-- The records follows --

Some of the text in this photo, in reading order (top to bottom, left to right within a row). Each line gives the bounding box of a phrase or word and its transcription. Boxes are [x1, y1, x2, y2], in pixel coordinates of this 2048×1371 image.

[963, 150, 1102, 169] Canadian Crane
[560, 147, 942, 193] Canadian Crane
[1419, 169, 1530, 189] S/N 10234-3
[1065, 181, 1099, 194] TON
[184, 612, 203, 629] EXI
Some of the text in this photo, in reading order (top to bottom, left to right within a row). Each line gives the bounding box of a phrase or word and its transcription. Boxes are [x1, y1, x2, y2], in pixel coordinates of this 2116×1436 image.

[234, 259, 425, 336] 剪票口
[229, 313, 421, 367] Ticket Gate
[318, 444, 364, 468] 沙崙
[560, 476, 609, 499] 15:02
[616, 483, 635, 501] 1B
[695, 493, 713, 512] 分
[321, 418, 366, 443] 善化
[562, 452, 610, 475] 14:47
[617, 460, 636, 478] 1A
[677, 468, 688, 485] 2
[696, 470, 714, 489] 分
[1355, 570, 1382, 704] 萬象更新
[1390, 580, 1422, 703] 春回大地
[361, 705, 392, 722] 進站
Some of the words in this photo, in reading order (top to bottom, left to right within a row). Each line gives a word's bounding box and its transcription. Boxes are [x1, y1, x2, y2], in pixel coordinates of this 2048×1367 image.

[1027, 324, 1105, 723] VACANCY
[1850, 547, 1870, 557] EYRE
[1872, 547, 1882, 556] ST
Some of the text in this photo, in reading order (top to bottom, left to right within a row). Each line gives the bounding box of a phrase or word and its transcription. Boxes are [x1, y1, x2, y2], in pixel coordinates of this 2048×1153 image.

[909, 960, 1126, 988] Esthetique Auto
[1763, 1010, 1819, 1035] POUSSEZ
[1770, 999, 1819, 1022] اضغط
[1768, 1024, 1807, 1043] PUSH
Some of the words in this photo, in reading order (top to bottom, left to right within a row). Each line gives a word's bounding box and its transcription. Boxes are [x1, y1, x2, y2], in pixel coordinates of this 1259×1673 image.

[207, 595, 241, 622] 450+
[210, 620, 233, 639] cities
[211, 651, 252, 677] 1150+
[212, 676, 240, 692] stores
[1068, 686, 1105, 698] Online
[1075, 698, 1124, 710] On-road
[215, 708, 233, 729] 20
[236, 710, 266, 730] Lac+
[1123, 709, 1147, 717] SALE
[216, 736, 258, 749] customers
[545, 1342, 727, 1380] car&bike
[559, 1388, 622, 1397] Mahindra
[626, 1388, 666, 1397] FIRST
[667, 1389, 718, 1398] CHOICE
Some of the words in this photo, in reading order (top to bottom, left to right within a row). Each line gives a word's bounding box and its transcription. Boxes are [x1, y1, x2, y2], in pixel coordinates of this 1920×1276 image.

-- The records concluded --

▸ **Exercise**
Return the full listing. Keep each line exactly as it stands.

▸ **Answer space**
Some of the text in this photo, in reading order (top to bottom, left to right within a row). Each line gives the bounding box of a phrase or word and its transcription. Boxes are [x1, y1, x2, y2], in pixel coordinates of this 2048×1371 image.

[963, 150, 1102, 169] Canadian Crane
[560, 147, 942, 193] Canadian Crane
[1419, 169, 1530, 189] S/N 10234-3
[1065, 181, 1099, 194] TON
[184, 612, 203, 629] EXI
Some of the text in this photo, in reading order (top to bottom, left to right within a row). Each line gives the bounding box of a phrase or word and its transcription. Boxes are [x1, y1, x2, y2], in pixel coordinates of this 2116×1436 image.

[234, 259, 425, 336] 剪票口
[229, 313, 421, 367] Ticket Gate
[318, 444, 364, 468] 沙崙
[560, 476, 609, 499] 15:02
[616, 483, 635, 501] 1B
[695, 493, 713, 512] 分
[321, 418, 366, 443] 善化
[562, 452, 610, 475] 14:47
[617, 460, 636, 478] 1A
[677, 468, 688, 485] 2
[696, 470, 714, 489] 分
[1355, 570, 1382, 704] 萬象更新
[1390, 580, 1422, 703] 春回大地
[361, 705, 392, 722] 進站
Some of the words in this photo, in reading order (top to bottom, left to right within a row). Each line gives a word's bounding box and its transcription. Boxes are [x1, y1, x2, y2], in pixel coordinates of this 2048×1367 image.

[1027, 324, 1105, 723] VACANCY
[1850, 547, 1870, 557] EYRE
[1872, 547, 1882, 556] ST
Some of the text in this photo, in reading order (top to bottom, left to right within a row). Each line gives the bounding box of a phrase or word and its transcription. Boxes are [x1, y1, x2, y2], in pixel coordinates of this 2048×1153 image.

[909, 960, 1126, 988] Esthetique Auto
[1763, 1010, 1819, 1035] POUSSEZ
[1770, 999, 1819, 1022] اضغط
[1768, 1024, 1807, 1043] PUSH
Some of the words in this photo, in reading order (top to bottom, left to right within a row). Each line gives a word's bounding box and its transcription. Boxes are [x1, y1, x2, y2], in pixel coordinates of this 1259×1673 image.

[207, 595, 241, 622] 450+
[210, 620, 233, 639] cities
[211, 651, 252, 677] 1150+
[212, 676, 240, 692] stores
[1068, 686, 1105, 698] Online
[1075, 698, 1124, 710] On-road
[215, 708, 233, 729] 20
[236, 710, 266, 730] Lac+
[1123, 709, 1147, 717] SALE
[216, 736, 258, 749] customers
[545, 1342, 727, 1380] car&bike
[559, 1388, 622, 1397] Mahindra
[626, 1388, 666, 1397] FIRST
[667, 1389, 718, 1398] CHOICE
Some of the words in this photo, in reading order (top to bottom, left to right within a row). Each line gives a word's bounding box and its transcription. Boxes are [x1, y1, x2, y2], in pixel coordinates of this 1920×1276 image.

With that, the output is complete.